Still, more zombie properties may soon emerge: More than 223,000 residential properties in the U.S. are currently in the process of foreclosure, up 3.6% from the third quarter and 11.6% from a year ago. The uptick was largely expected after the pandemic-era federal foreclosure moratorium was lifted.
About 7,342 pre-foreclosure properties are vacant, according to ATTOM Data Solutions. The portion of pre-foreclosure properties that are abandoned dropped slightly from 3.5% in the third quarter to 3.3% now.
The “zombie” foreclosure rate “remains one of many measures showing that the decade-long U.S. housing market boom continues marching ahead despite the ongoing economic threat of the coronavirus pandemic that hit early last year,” the ATTOM Data Solutions report notes. “Home prices in much of the country have soared more than 10 percent over the past year, seller profits commonly exceed 40 percent, and most neighborhoods literally have no empty, blight-inducing homes at some stage in the foreclosure process.”
Still, researchers say that foreclosures are expected to increase over the coming year. An estimated 1.5 million to 2 million homeowners were in some kind of forbearance when the foreclosure moratorium ended on July 31. Foreclosure cases are growing but remain at historical lows.

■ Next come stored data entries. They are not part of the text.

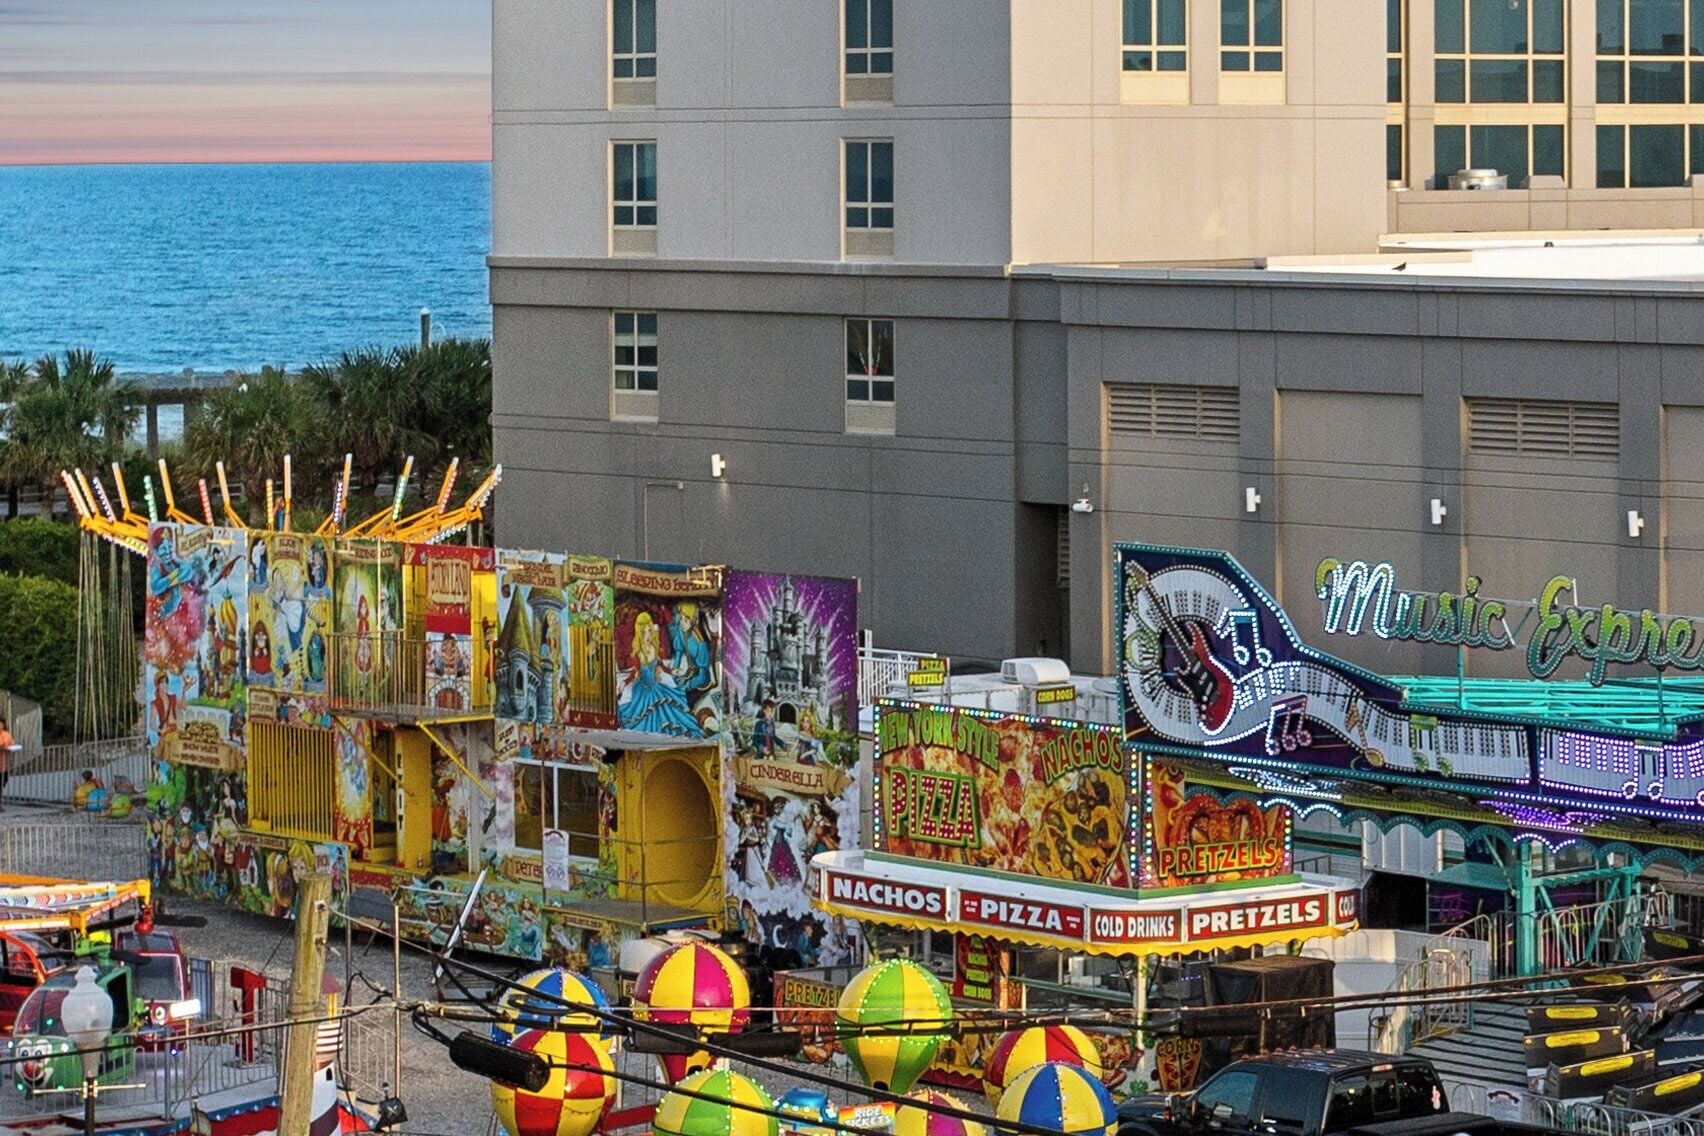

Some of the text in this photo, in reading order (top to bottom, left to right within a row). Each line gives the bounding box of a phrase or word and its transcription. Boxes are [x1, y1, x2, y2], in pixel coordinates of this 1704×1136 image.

[616, 569, 672, 591] SLEEPING
[1315, 557, 1512, 650] Music
[908, 672, 944, 685] PRETZELS
[920, 659, 946, 671] PIZZA
[1036, 687, 1075, 703] CORN DOGS
[878, 708, 1000, 772] NEW YORK STYLE
[1041, 729, 1124, 786] NACHOS
[750, 762, 824, 788] CINDERELLA
[889, 770, 979, 848] PIZZA
[1159, 837, 1279, 879] PRETZELS
[832, 878, 942, 914] NACHOS
[980, 898, 1063, 931] PIZZA
[1095, 915, 1123, 937] COLD
[1126, 915, 1175, 938] DRINKS
[1192, 899, 1321, 935] PRETZELS
[845, 1106, 892, 1129] RIDE TICKETS

“Zombie foreclosures are in a holding pattern this quarter—at least for now,” says Todd Teta, chief product officer with ATTOM. “They’re still totally off the radar screen in most parts of the country, with none in most neighborhoods. But that’s probably going to change soon because lenders can now return to court and take back properties from owners who can’t keep up on their mortgage payments. Foreclosure activity already is on the upswing. So, depending on how fast cases wind through the courts, it’s probably just a matter of time before zombie properties begin creeping back into the mix.”